Officials Concerned Over US IRA Support
Officials concerned over support in US for IRA
"One of the main concerns of British officials was the
extent to which the Irish National Caucus ... might extend
its influence within the US Congress and the US media".
By Jimmy Burns
Published: December 29 2005 02:00 Last updated: December
29 2005 02:00
Support for the IRA in the US was one of the prime concerns
of British officials charged with dealing with Northern
Ireland affairs in the mid-1970s.
In early 1975, British intelligence helped provide the US
Federal Bureau of Investigation with an updated blacklist
of suspected IRA members, whose US visa applications were
then turned down.
British officials also considered encouraging moderate
Irish Catholic politicians to raise funds in the US, as a
way of diverting funds away from Irish Republicanism. But
within Whitehall it was generally accepted such efforts had
limited impact on the steady support the IRA enjoyed among
some Irish-Americans, with UK officials estimating up to a
third of the organisation's income was being raised in the
US.
A Northern Ireland Office official wrote in a memo to a
Foreign Office colleague on June 4 1975: "Many American
citizens, not particularly well informed (or indeed much
concerned) about Northern Ireland, would be similarly
bamboozled by the apparent unity of Irish organisations in
the US in subscribing to a policy of getting the British
out of Northern Ireland."
One of the main concerns of British officials was the
extent to which the Irish National Caucus - an informal
network of pro-Irish Republican Americans - might extend
its influence within the US Congress and the US media.

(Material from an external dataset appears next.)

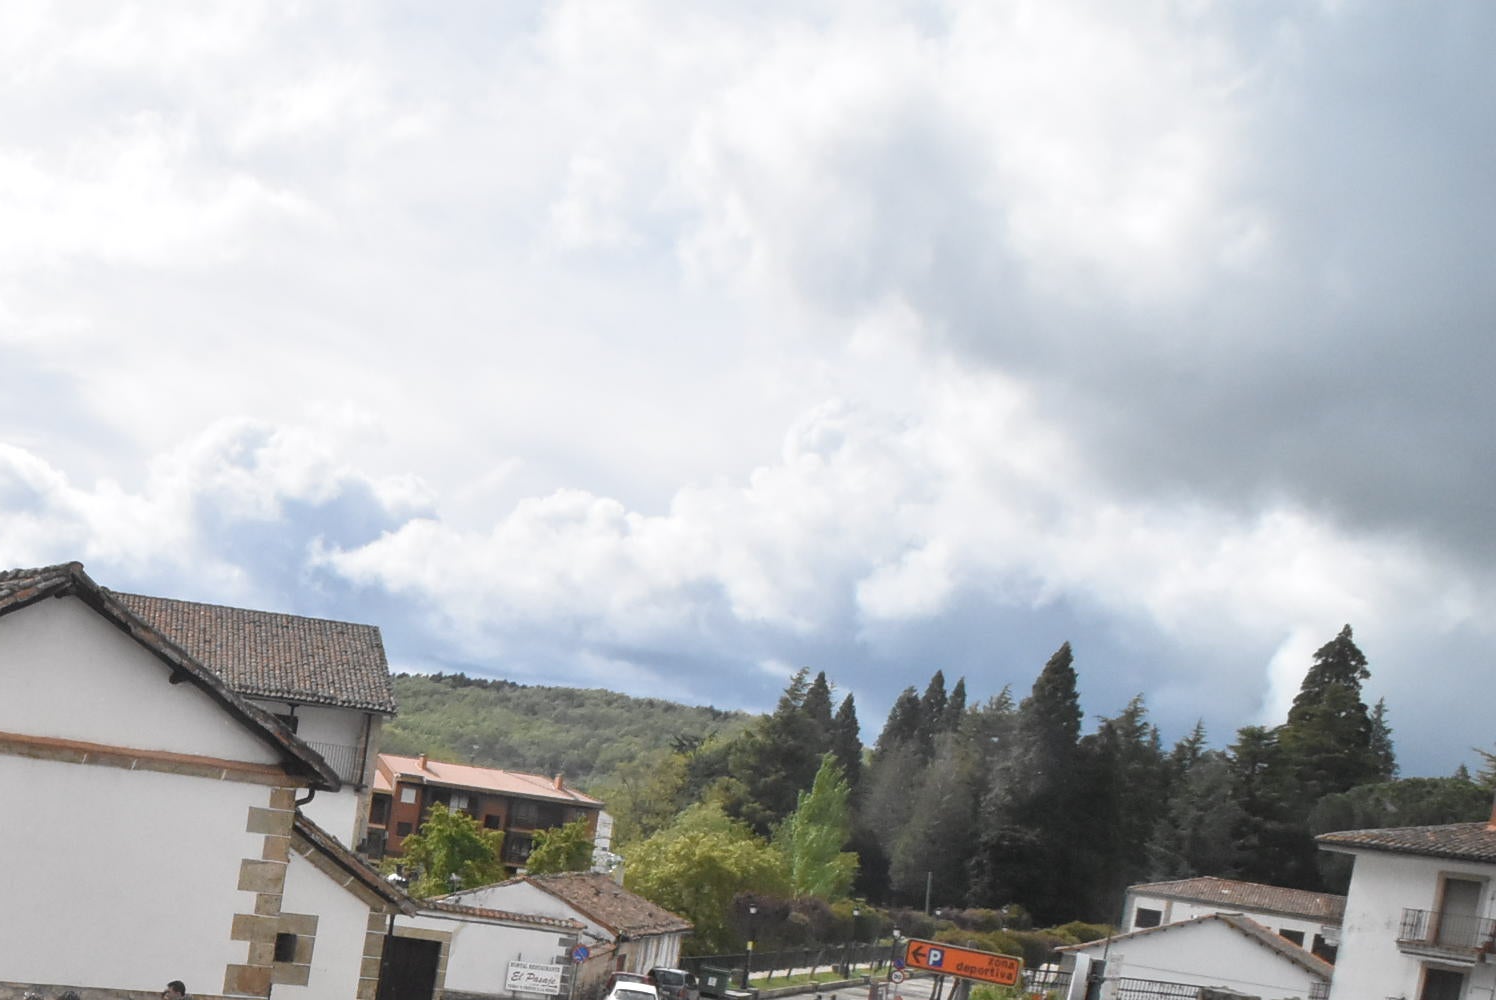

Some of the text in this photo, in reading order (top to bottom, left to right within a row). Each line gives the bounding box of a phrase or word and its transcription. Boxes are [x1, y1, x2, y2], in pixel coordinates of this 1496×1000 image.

[956, 962, 1013, 980] deportiva
[988, 957, 1015, 970] zona
[511, 971, 557, 986] El Pasaje

In Washington, British embassy officials warned that once
Sinn Féin, the IRA's political wing, had "gained
respectability or power" in the South [of Ireland], then
the Irish National Caucus "would become an organisation to
be taken seriously both on Capitol Hill and in the country
at large".
Meanwhile, Whitehall paranoia was stirred by the decision
of Pope Paul VI to make a saint of Oliver Plunkett, an
Irish Catholic archbishop executed in the 17th century for
alleged treason against the British state.
Kenneth Jones, an official with the Foreign Office's
western European department, warned in a memo dated April
23 1975 that the planned canonisation was politically a
"source of greater embarrassment" to the government than
had been the canonisation of 40 Catholic martyrs five years
earlier. As supporting evidence, he quoted an Irish
Catholic priest who had drawn an analogy between Bishop
Plunkett's persecution and the "squalor of British
internment procedures" involving IRA suspects.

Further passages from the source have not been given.